Ignatov avanza por la taiga. Sus pasos firmes hacen crujir la hojarasca que pisa. El agua chapotea bajo sus pies: saltando de piedra en piedra al cruzar el arroyo se le han empapado las botas. Lleva en cada mano una cuerda de la que cuelgan las aves abatidas. Será una cena de campeonato la de esta noche. Para vosotros, ciudadanos enemigos, ¡que os aproveche! Os voy a tener comiendo urogallos toda la semana. Vais a saciar el hambre acumulada durante el viaje.
Ignatov no se percata de que está cayendo la noche. La densa penumbra marrón se abate de repente, súbitamente, sobre la taiga. La temperatura baja de golpe. Los alegres pajarillos diurnos callan, cediéndoles la noche a voces graves y distantes. Todos los sonidos —el rumor del follaje, el susurro de las agujas de los pinos, el zumbido del viento sobre las ramas— se tornan de pronto presentes y cercanos, y hasta el crujido de la hojarasca bajo sus pies suena con estruendo.
Algo grande, suave y claro pasa junto a su cabeza aullando levemente.
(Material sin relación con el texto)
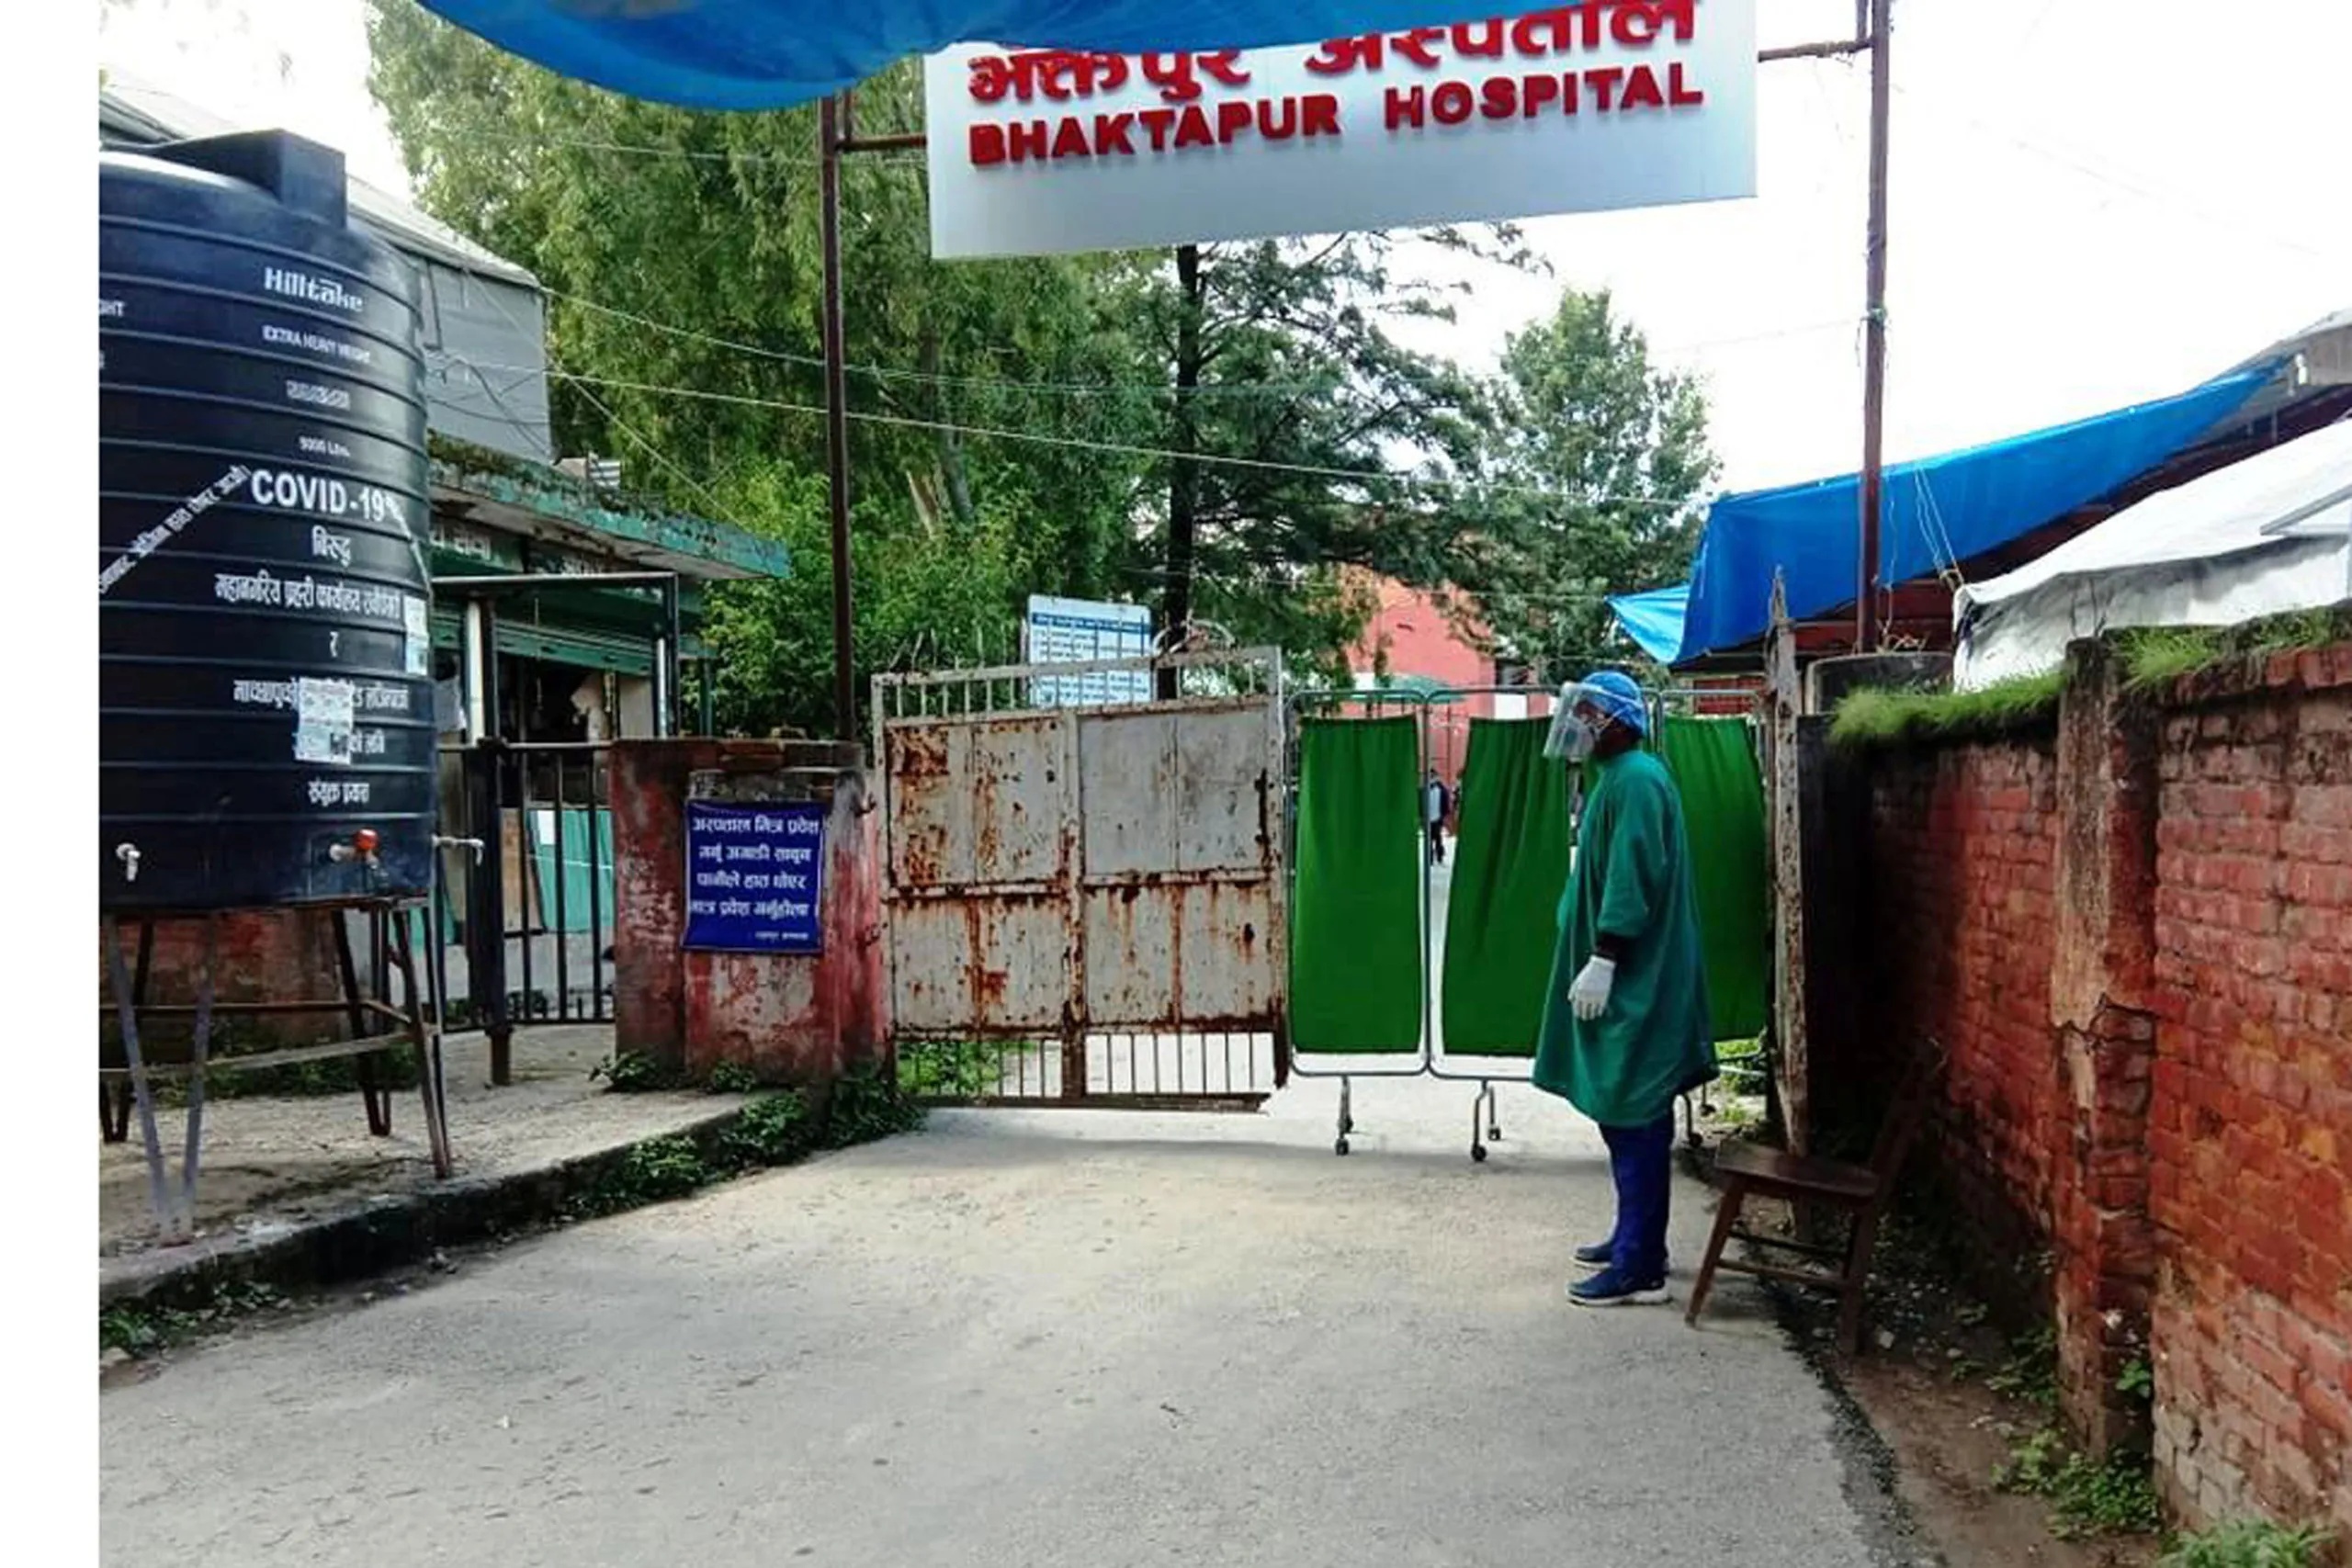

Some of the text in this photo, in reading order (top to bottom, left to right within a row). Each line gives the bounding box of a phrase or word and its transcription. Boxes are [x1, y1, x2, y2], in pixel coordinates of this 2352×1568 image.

Dos alas le acarician el rostro. Una desagradable sensación de frío le asalta el estómago obligándolo a contener la respiración. Ha sido una lechuza, comprende Ignatov para su alivio, ya tardío, y apura el paso. Del fondo de la espesura salen extraños gorjeos, grititos, suspiros ahogados. Un rugido como de terciopelo se oye a lo lejos.
¡¿Dónde demonios está el campamento?! Se diría que ya tendría que haber aparecido entre los árboles. Abetos, abetos y más abetos… Y de repente se le ocurre una idea demencial: llega por fin a la orilla y no encuentra a nadie. Ni un alma. Todos muertos. ¿No será que todos ellos —Zuleijá, la de los ojos verdes, los tristes vejetes de Leningrado, el lameculos de Gorelov— fueron a parar al fondo del Angará junto a la barcaza? ¿Y que sólo lo desembarcaron a él en esta orilla desierta?
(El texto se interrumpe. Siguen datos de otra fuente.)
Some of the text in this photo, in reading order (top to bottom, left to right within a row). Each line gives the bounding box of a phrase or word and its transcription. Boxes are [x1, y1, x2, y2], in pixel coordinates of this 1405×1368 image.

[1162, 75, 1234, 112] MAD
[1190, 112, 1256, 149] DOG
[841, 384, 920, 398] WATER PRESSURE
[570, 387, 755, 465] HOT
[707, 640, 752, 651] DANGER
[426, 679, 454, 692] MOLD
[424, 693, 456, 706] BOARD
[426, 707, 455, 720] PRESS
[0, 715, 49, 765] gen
Ignatov echa a correr. El ruido de sus pasos es ensordecedor, se le meten cosas en los ojos, las ramas le golpean las mejillas. Un pie se le hunde en un hueco; otro tropieza con un palo. Está a punto de caer, pero consigue mantenerse en pie. Aprieta el paso. Proyecta los codos hacia delante para protegerse la cara. Los urogallos se han vuelto más pesados y grandes, como si se fueran inflando durante la carrera.
Y por fin oye crepitar al fuego anaranjado, abriéndose paso entre los árboles. Un par de saltos más e Ignatov irrumpe, agitado, con el corazón latiéndole deprisa por la carrera o el miedo, en el improvisado campamento. Allí están todos, nadie se ha marchado a ninguna parte. Algunos están empeñados en la construcción de una cabaña bajo las largas ramas de un frondoso abeto; otros, esperan agolpados junto a la hoguera. Ignatov aminora la marcha y deja que se le sosiegue la respiración. Se acerca a las mujeres acuclilladas en torno al fuego y arroja a sus pies descuidadamente los urogallos todavía calientes…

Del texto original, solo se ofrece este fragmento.